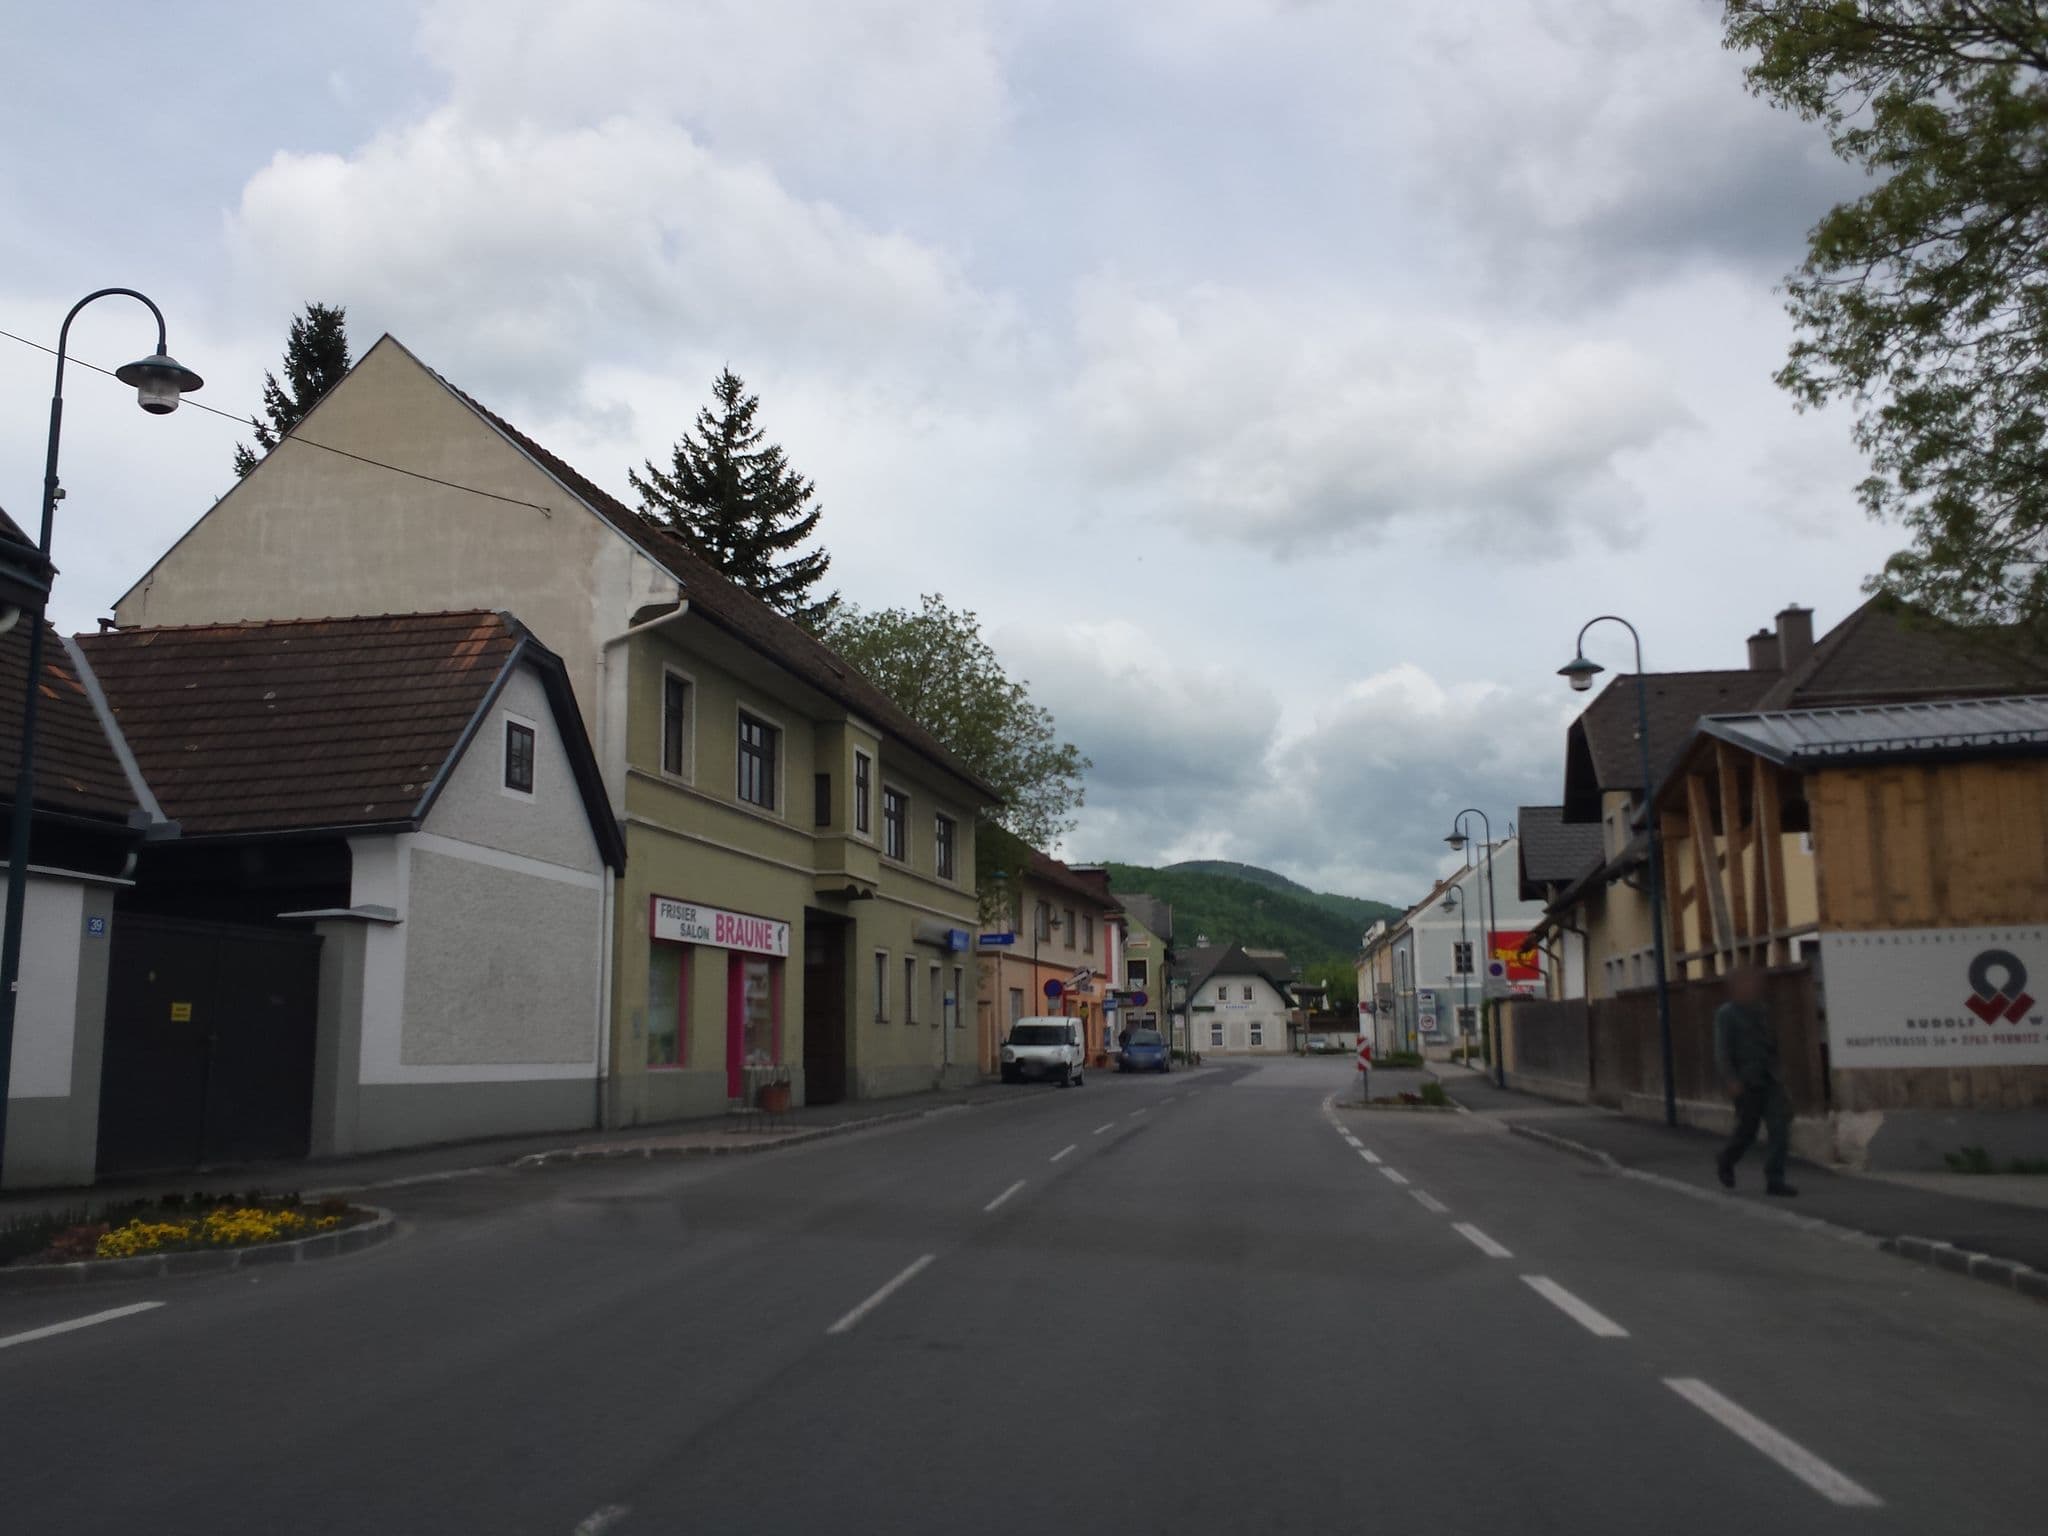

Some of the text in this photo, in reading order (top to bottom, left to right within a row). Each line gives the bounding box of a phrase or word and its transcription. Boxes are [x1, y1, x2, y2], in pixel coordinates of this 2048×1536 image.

[660, 903, 697, 922] FRISIER
[90, 919, 103, 931] 39
[680, 923, 710, 940] SALON
[715, 914, 773, 950] BRAUNE
[1907, 1017, 1975, 1028] RUDOLF
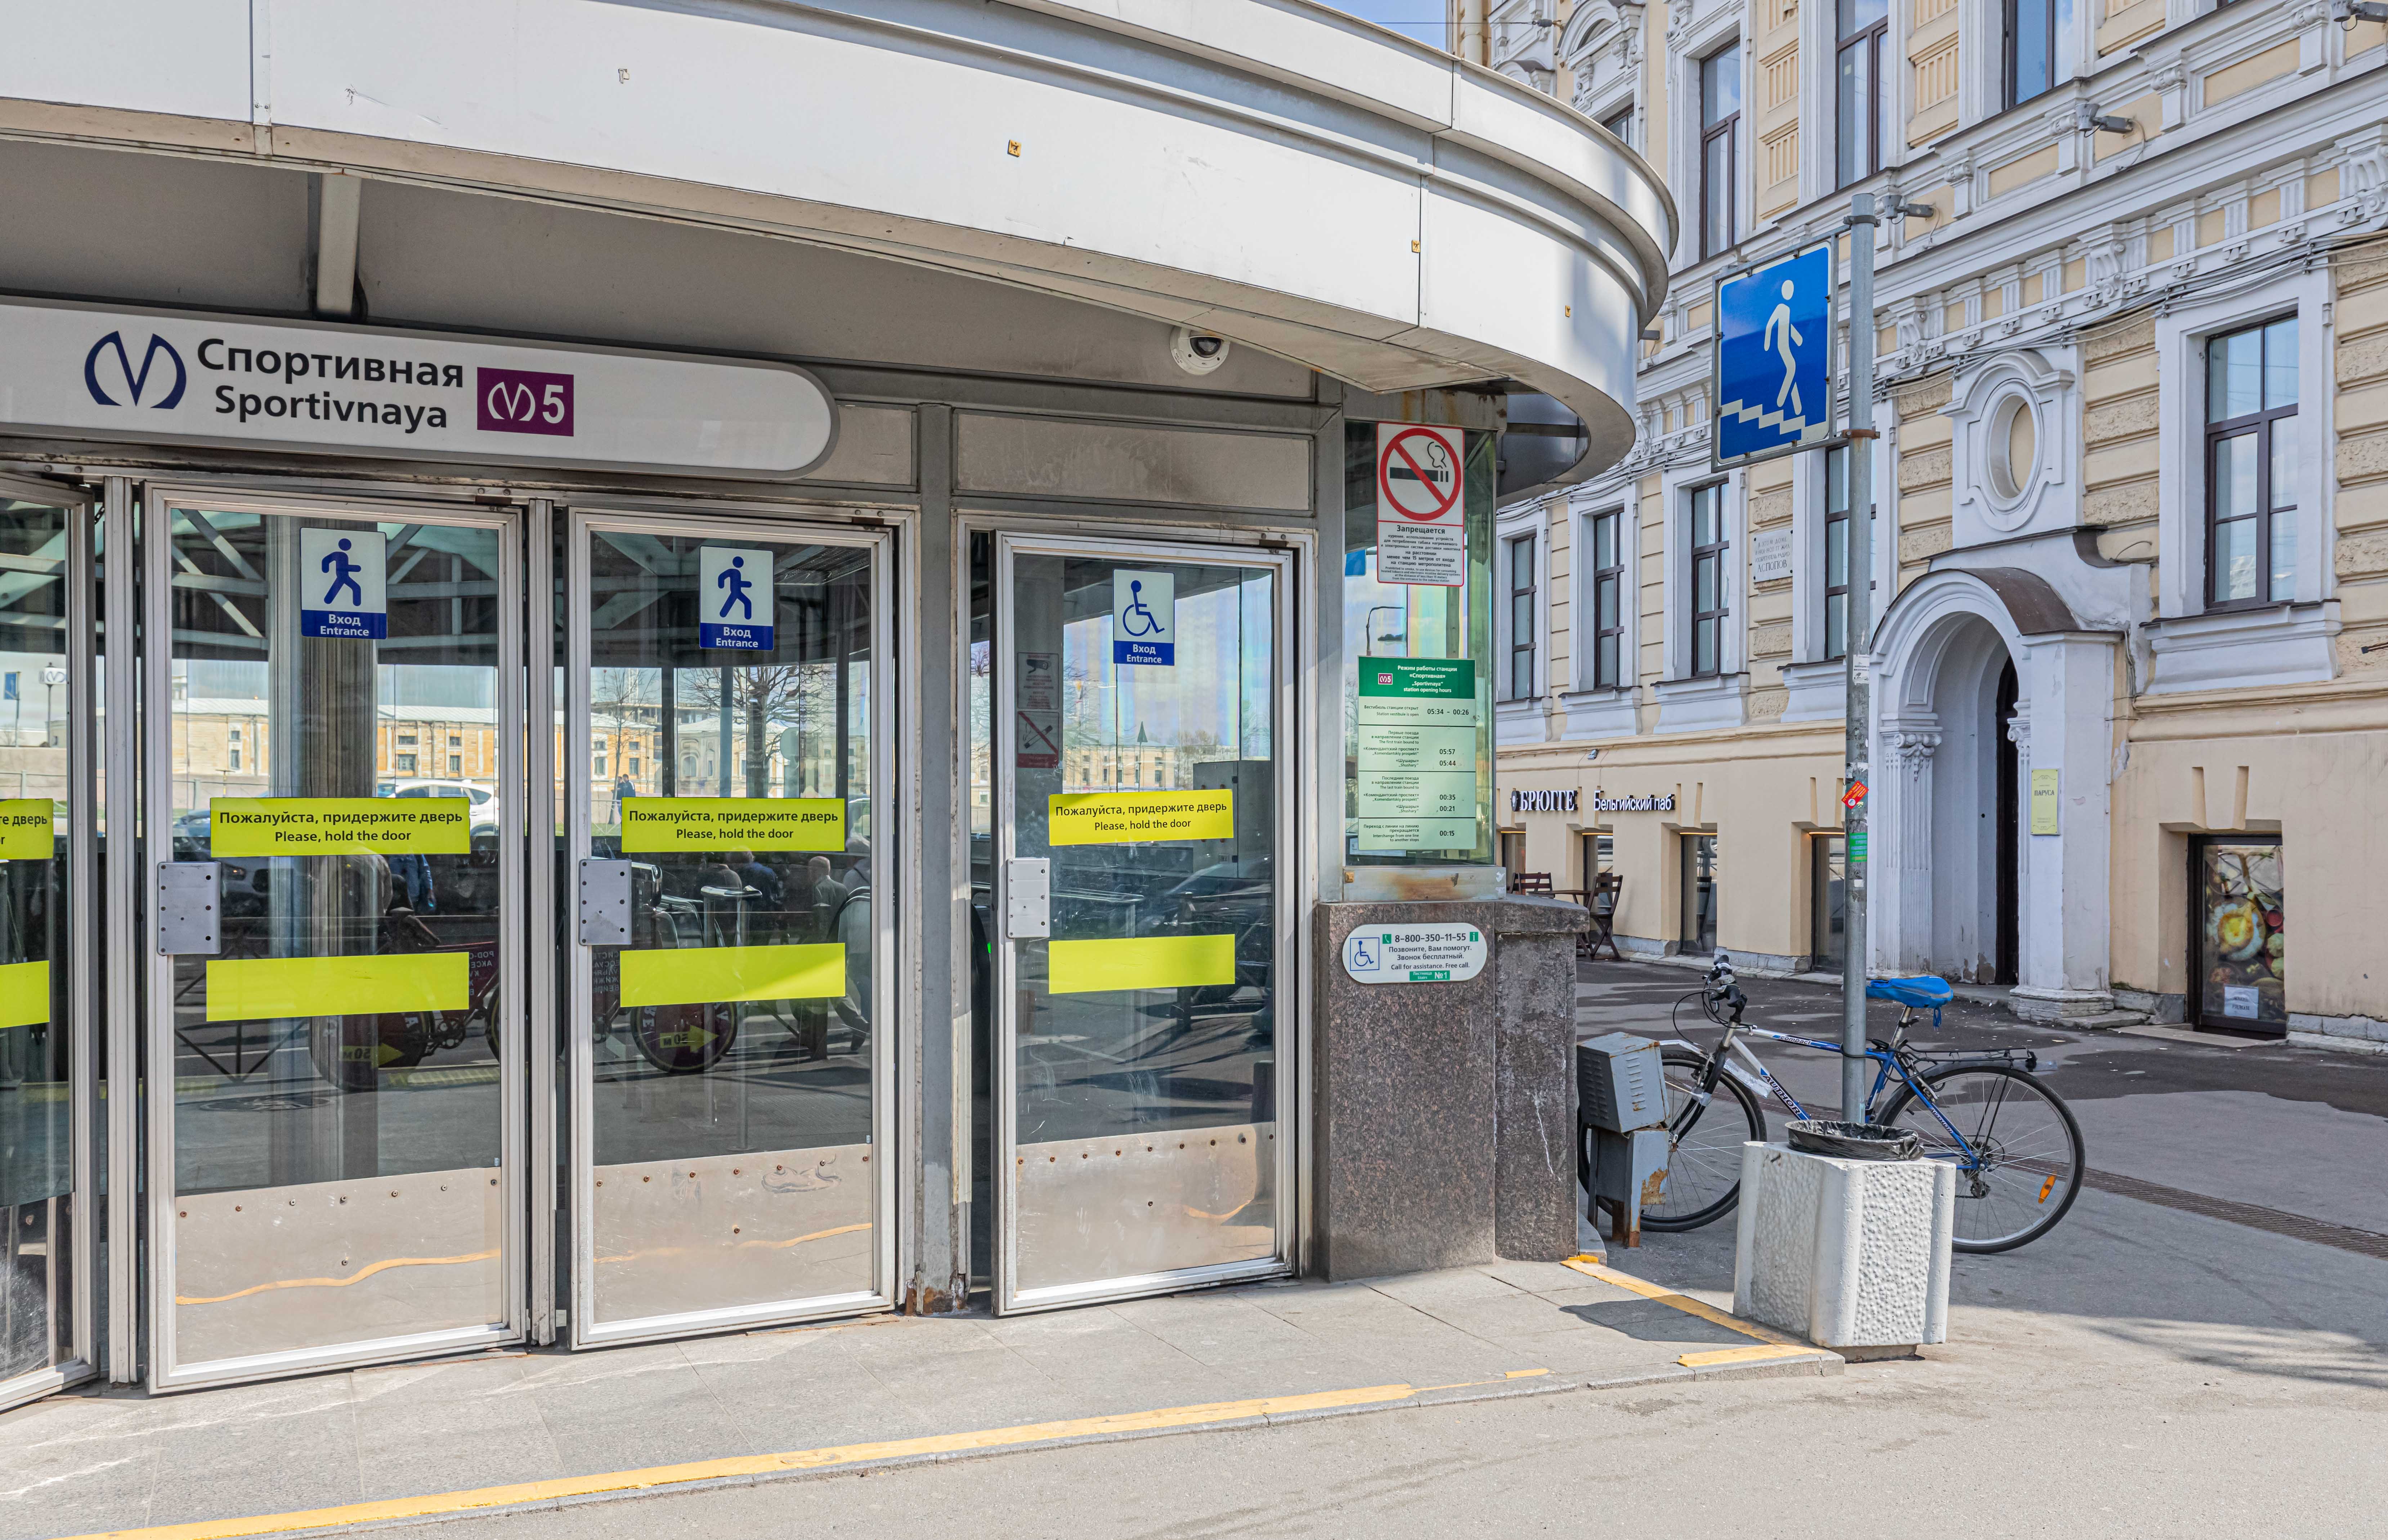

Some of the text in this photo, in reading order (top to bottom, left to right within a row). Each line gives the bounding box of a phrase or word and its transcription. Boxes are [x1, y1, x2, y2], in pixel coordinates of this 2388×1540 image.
★ ★ ★
__ABOUT THIS EXERCISE__: Write all the entries again word for word, minus the pictures.

__WRITTEN ANSWER__:
Some of the text in this photo, in reading order (top to bottom, left to right within a row). Each line gives the bounding box of a phrase or word and its transcription. Boxes are [x1, y1, x2, y2], in pixel coordinates of this 2048×1536 image.

[660, 903, 697, 922] FRISIER
[90, 919, 103, 931] 39
[680, 923, 710, 940] SALON
[715, 914, 773, 950] BRAUNE
[1907, 1017, 1975, 1028] RUDOLF

Some of the text in this photo, in reading order (top to bottom, left to right within a row). Each line gives the bounding box of a phrase or word and its transcription. Boxes are [x1, y1, x2, y2], in pixel coordinates of this 2388×1540 image.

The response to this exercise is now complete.